9.4 If we write to you asking you to do so, within ten working days of
the end of the Licence for any reason, you will uninstall the Software
and return it to us (including any whole or partial copies of it) and
provide a certificate signed by one of your directors, partners or
similar senior managers to confirm compliance with this paragraph 9.4.
9.5 No matter how this agreement ends, the data you store in the
Software remains your data and you are entitled to extract it from the
Software before the end of the agreement. However, your failure to
extract it will not prevent this agreement ending. To be clear, in those
circumstances we are under no obligation to extract your data from the
Software, nor to help you to do so.
10.1 Any supplier or business partner (accredited or not) from which you
buy the Licence is an independent contractor and is not appointed or
authorised by us as our servant or agent. No such person has any
authority or right to enter into any contract or provide any
representation, warranty or guarantee with or to you on our behalf, or
otherwise to bind us in any way at all. We are not responsible for any
modifications or mergers made to the Software by these organisations,
nor for anything they do or fail to do.
10.2 If you are purchasing a product or service directly from us and we
quote you a price on our web site or by telephone, that price is subject
to confirmation, which happens when we issue our invoice.
10.3 We own the rights in our Software and any related logos. Other
owners own the rights in their software and their logos. You do not
obtain any ownership of those rights or logos, and the rights you obtain
to access and use the Software and other software supplied with it are
as specifically described in this agreement.
10.4 If a court or similar body decides that any wording in this
agreement is invalid or unenforceable, that decision will not affect the
rest of this agreement, which will remain binding on both of us.
However, if the wording that is invalid or unenforceable can be made
valid and enforceable by deleting part of it, we will both treat the
wording as if it is deleted, so that the wording in question becomes
valid and enforceable.
10.5 If either of us fails or delays the exercise of any rights or
remedies under this agreement, we will not be deemed to have given up
those rights or remedies in any way.
10.6 This agreement is the entire agreement between you and us with
respect to your use of the Software, and supersedes all documentation,
information and other communications (in each case whether spoken or
written) between us with respect to such access and use. In case of any
inconsistency, the paper licence agreement overrides the terms of the
electronic licence agreement displayed by the Software.
10.7 It is important to us to have a direct relationship with the users
of our software, so you will not transfer this agreement to anyone else.
We reserve the right to transfer this agreement to another organisation
in the future.
10.8 From time to time we may modify this agreement by notifying you
that it has been modified. If you do not agree with those modifications,
please contact us as soon as possible. By making an additional purchase
from us (or your Software supplier) which relates to the Software after
you have been notified that this agreement has been modified, you
indicate your acceptance of those modifications.

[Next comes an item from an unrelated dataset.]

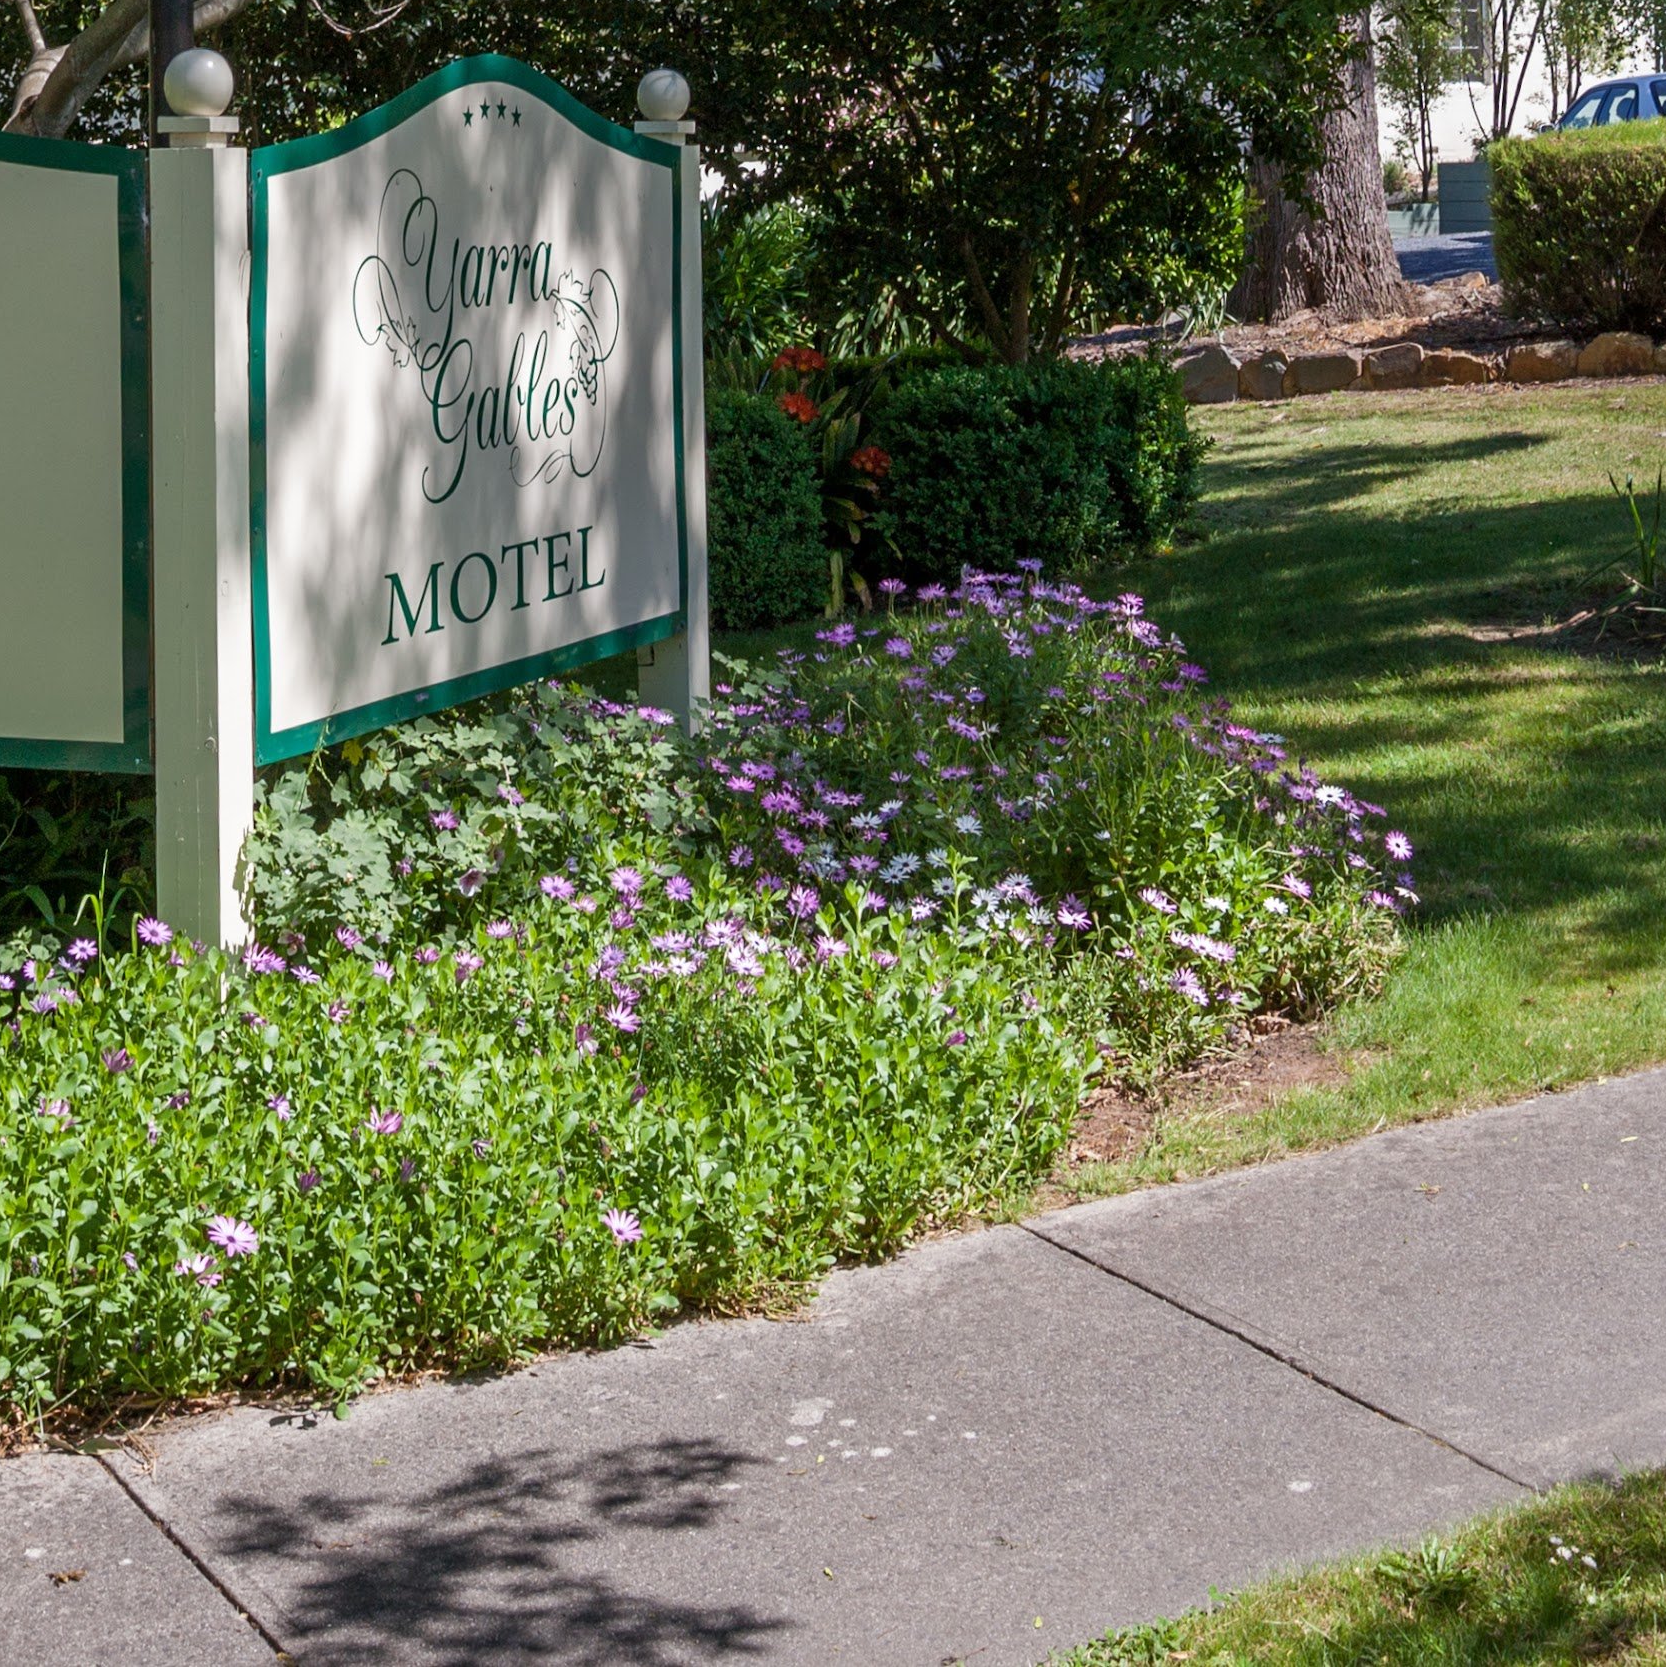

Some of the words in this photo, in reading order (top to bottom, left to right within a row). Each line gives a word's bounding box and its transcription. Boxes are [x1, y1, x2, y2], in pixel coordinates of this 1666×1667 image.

10.9 If circumstances happen that are beyond our reasonable control, we
will not be liable for any failure to perform our obligations in this
agreement because of those circumstances, and we will be excused from
that failure for so long as those circumstances continue.
10.10 The following sentence means that only you, we and the owners of
other software owned by others (described in paragraph 5.1), can benefit
from the rights in this agreement. We both reserve the right to
terminate this agreement or change any term of it by written agreement
between ourselves, without the consent of any of those owners.
10.11 This agreement is governed by the laws of Gibraltar and we both
agree that the courts of Gibraltar will be the only courts that can
decide on legal disputes or claims about this agreement.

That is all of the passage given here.